▶ Task brief: Each line below is to be copied exactly; images do not go into the copy.

▶ Input for this task:

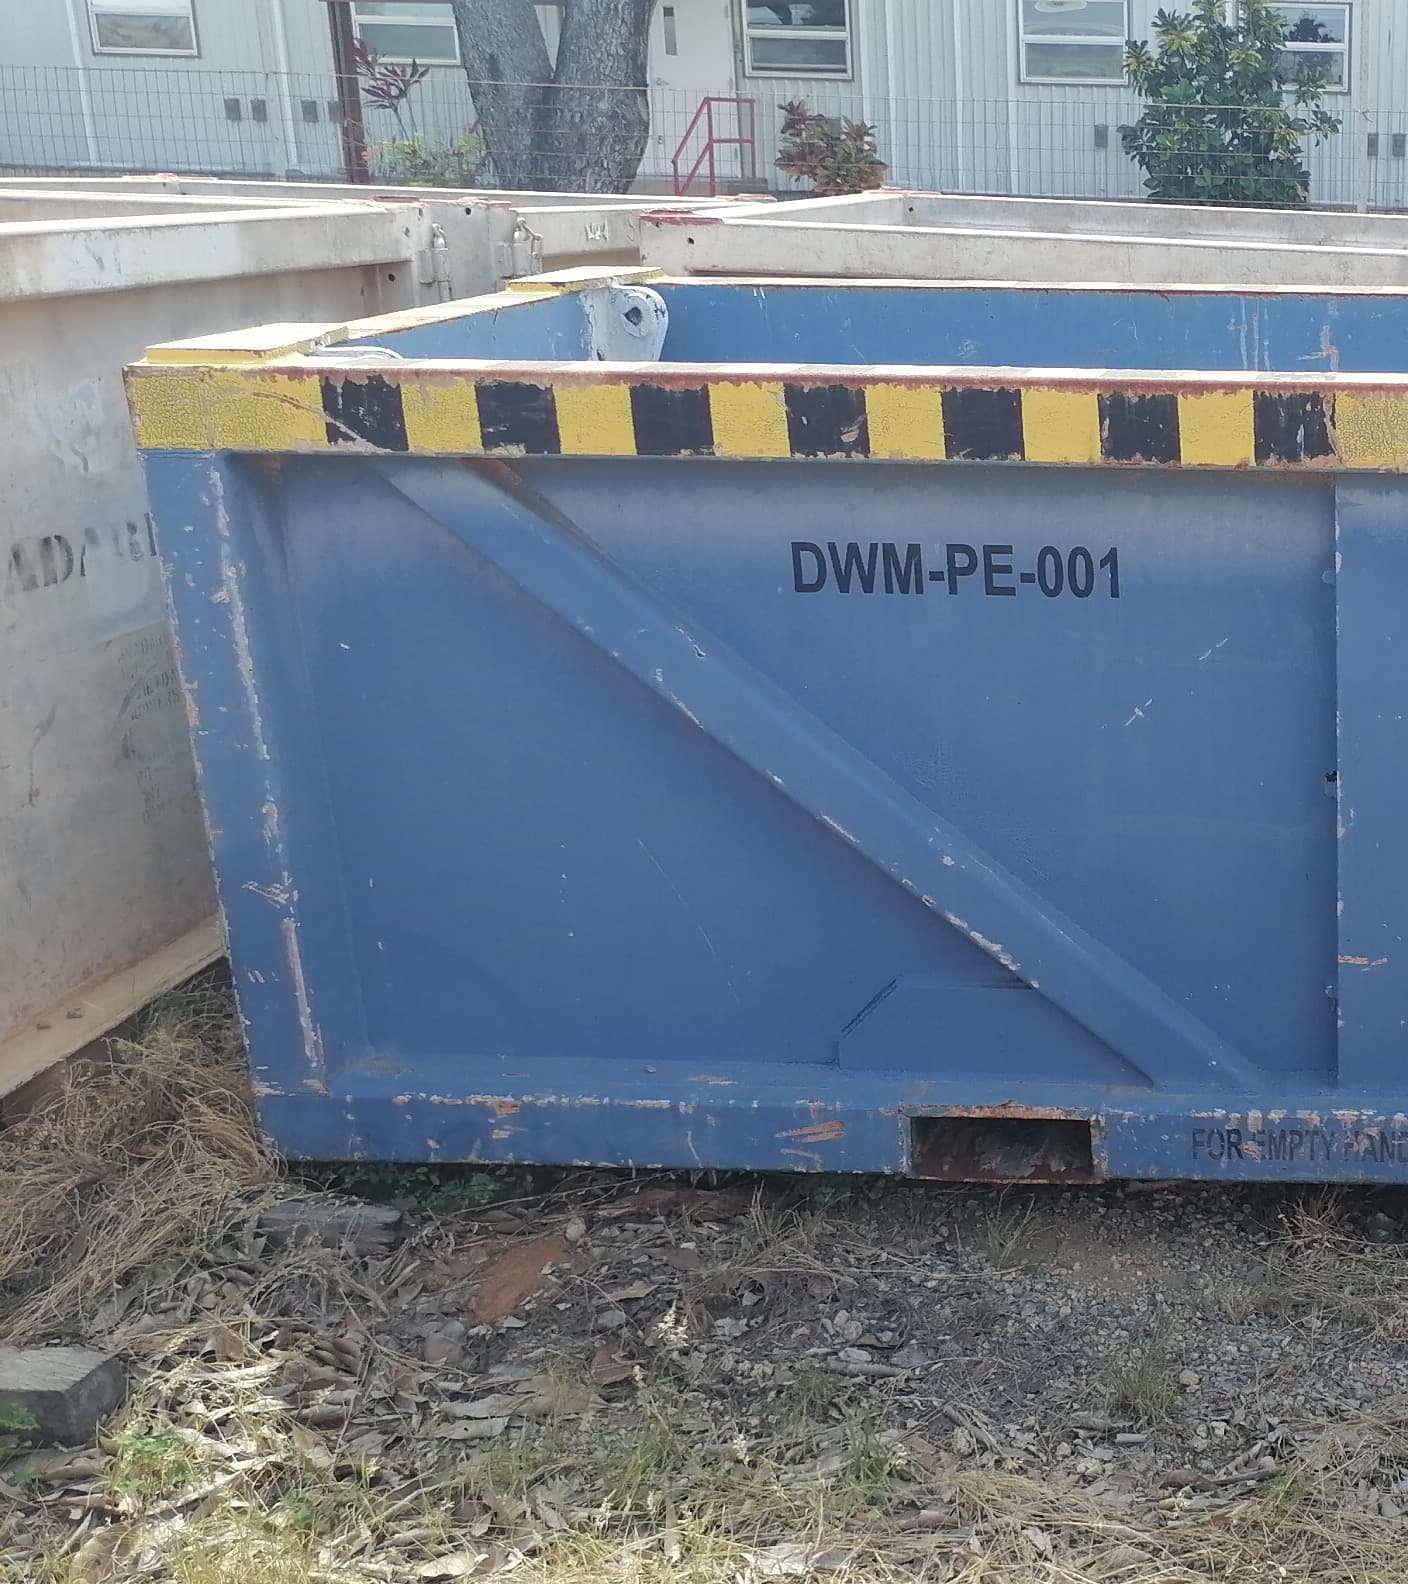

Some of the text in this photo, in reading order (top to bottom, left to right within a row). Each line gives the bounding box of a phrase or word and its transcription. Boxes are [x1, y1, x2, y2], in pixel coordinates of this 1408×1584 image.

[791, 541, 1120, 599] DWM-PE-001
[1192, 1128, 1244, 1161] FOR
[1248, 1129, 1335, 1161] EMPTY
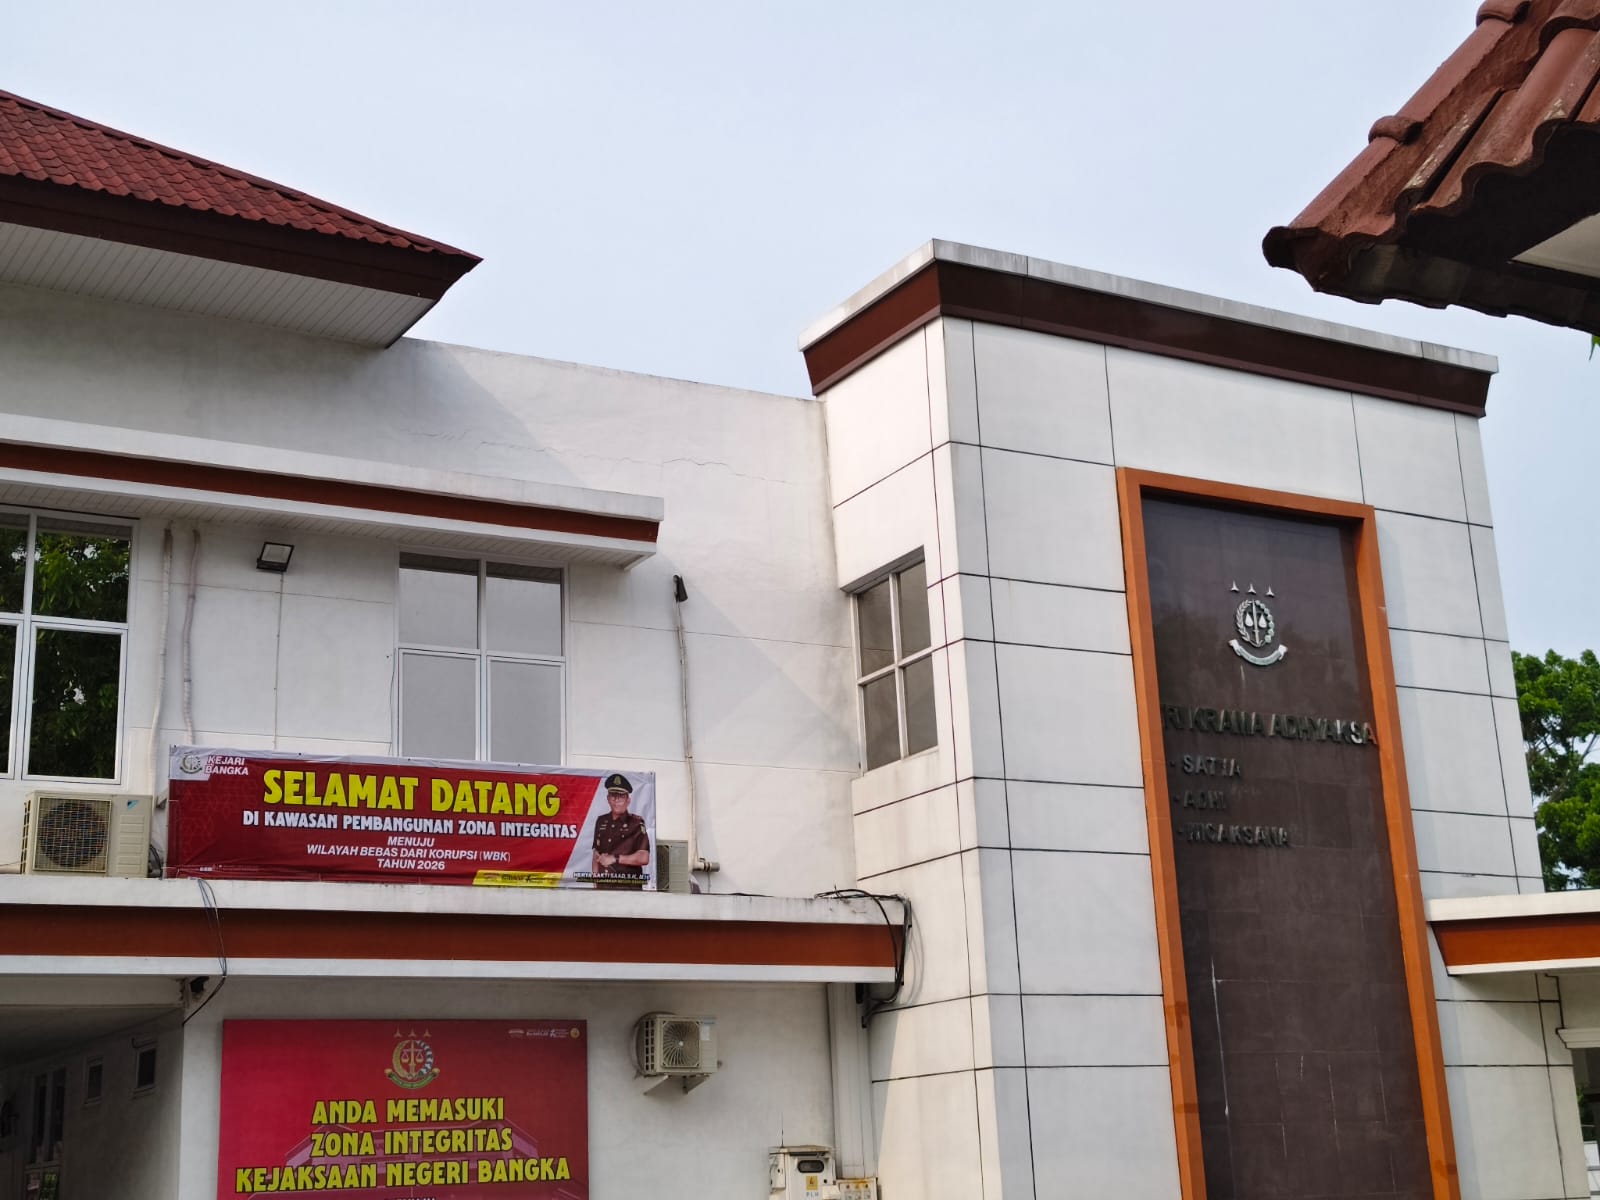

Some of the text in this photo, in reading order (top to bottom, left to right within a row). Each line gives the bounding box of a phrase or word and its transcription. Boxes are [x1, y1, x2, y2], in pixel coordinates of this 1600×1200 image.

[204, 765, 249, 776] BANGKA
[207, 755, 246, 766] KEJARI
[263, 769, 561, 817] SELAMAT DATANG
[242, 810, 577, 840] DI KAWASAN PEMBANGUNAN ZONA INTEGRITAS
[306, 844, 511, 863] WILAYAH BEBAS DARI KORUPSI (WBK)
[387, 836, 435, 848] MENUJU
[377, 858, 445, 871] TAHUN 2026
[312, 1097, 505, 1125] ANDA MEMASUKI
[310, 1128, 513, 1157] ZONA INTEGRITAS
[235, 1157, 571, 1193] KEJAKSAAN NEGERI BANGKA
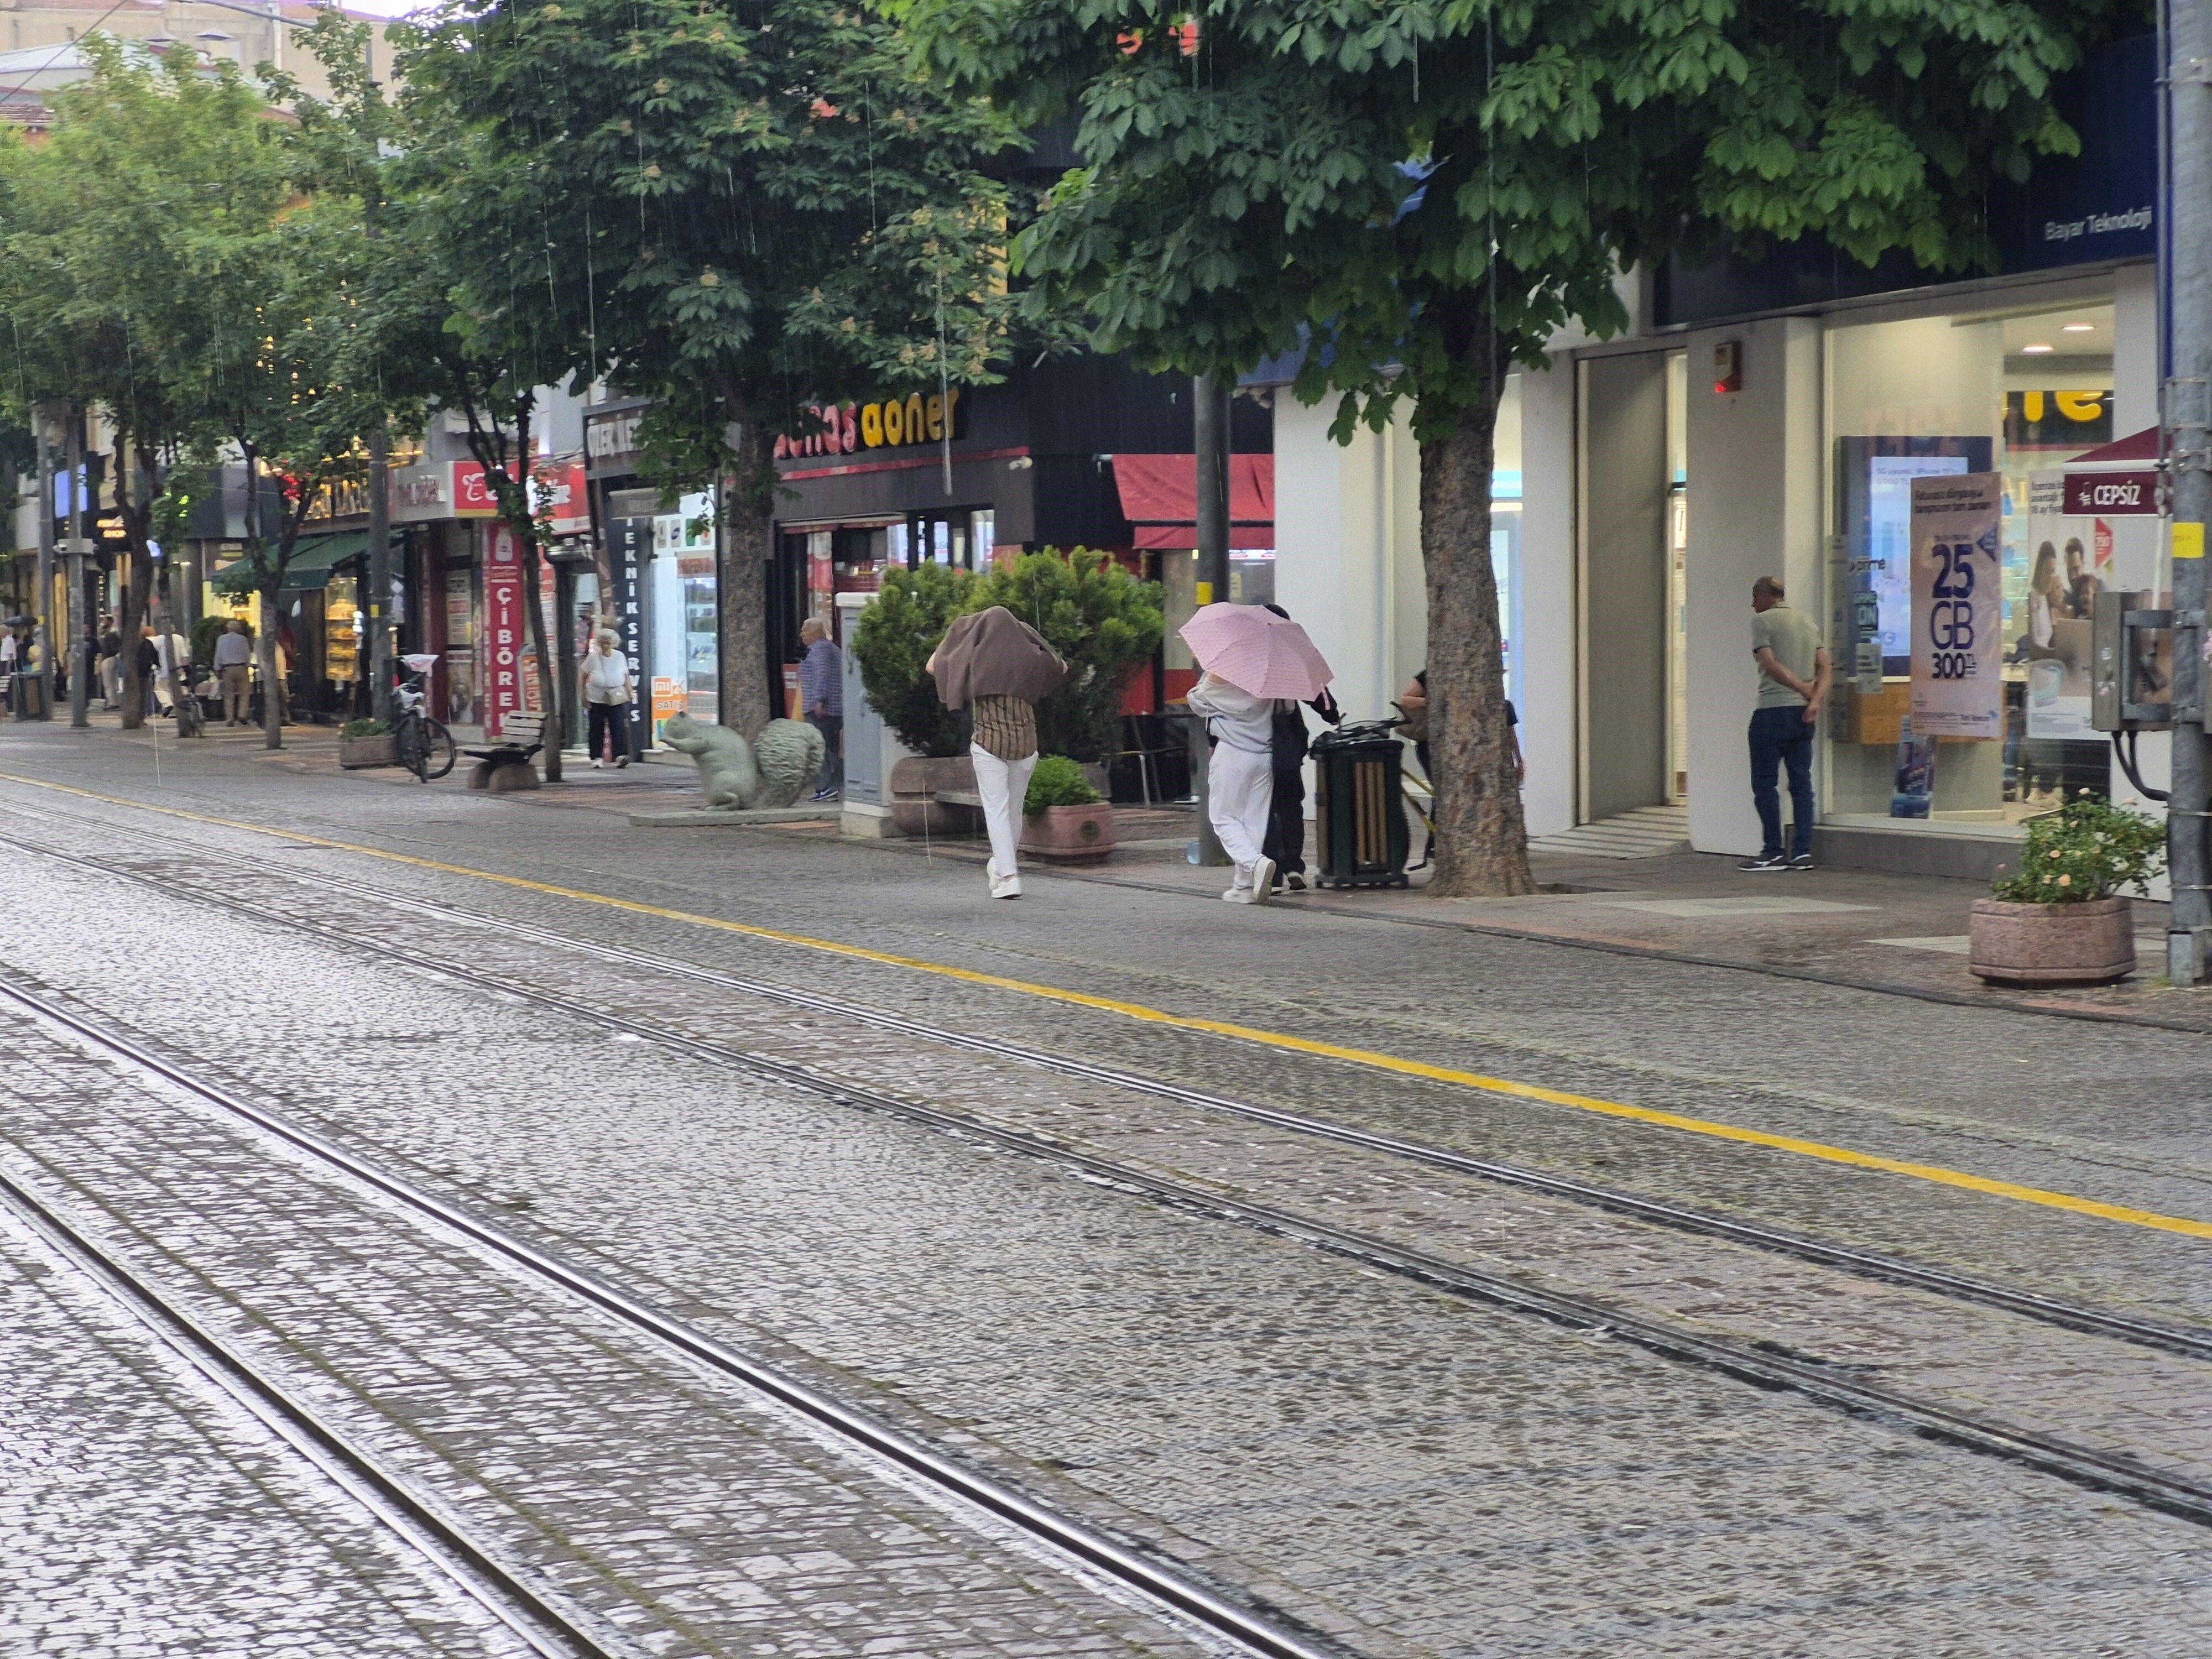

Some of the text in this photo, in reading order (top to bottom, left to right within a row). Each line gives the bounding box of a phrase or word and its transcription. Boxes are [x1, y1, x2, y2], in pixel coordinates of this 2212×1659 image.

[2045, 205, 2152, 242] Bayar Teknoloji
[2094, 479, 2141, 505] CEPSİZ
[1932, 544, 1975, 599] 25
[1931, 600, 1975, 650] GB
[1932, 652, 1965, 679] 300

▶ Answer to this problem:
Some of the text in this photo, in reading order (top to bottom, left to right within a row). Each line gives the bounding box of a phrase or word and its transcription. Boxes are [x1, y1, x2, y2], in pixel coordinates of this 1408×1584 image.

[791, 541, 1120, 599] DWM-PE-001
[1192, 1128, 1244, 1161] FOR
[1248, 1129, 1335, 1161] EMPTY

Some of the text in this photo, in reading order (top to bottom, left to right within a row). Each line gives the bounding box of a phrase or word and its transcription. Boxes are [x1, y1, x2, y2], in pixel coordinates of this 1600×1200 image.

[204, 765, 249, 776] BANGKA
[207, 755, 246, 766] KEJARI
[263, 769, 561, 817] SELAMAT DATANG
[242, 810, 577, 840] DI KAWASAN PEMBANGUNAN ZONA INTEGRITAS
[306, 844, 511, 863] WILAYAH BEBAS DARI KORUPSI (WBK)
[387, 836, 435, 848] MENUJU
[377, 858, 445, 871] TAHUN 2026
[312, 1097, 505, 1125] ANDA MEMASUKI
[310, 1128, 513, 1157] ZONA INTEGRITAS
[235, 1157, 571, 1193] KEJAKSAAN NEGERI BANGKA

Some of the text in this photo, in reading order (top to bottom, left to right within a row). Each line gives the bounding box of a phrase or word and its transcription. Boxes are [x1, y1, x2, y2], in pixel coordinates of this 2212×1659 image.

[2045, 205, 2152, 242] Bayar Teknoloji
[2094, 479, 2141, 505] CEPSİZ
[1932, 544, 1975, 599] 25
[1931, 600, 1975, 650] GB
[1932, 652, 1965, 679] 300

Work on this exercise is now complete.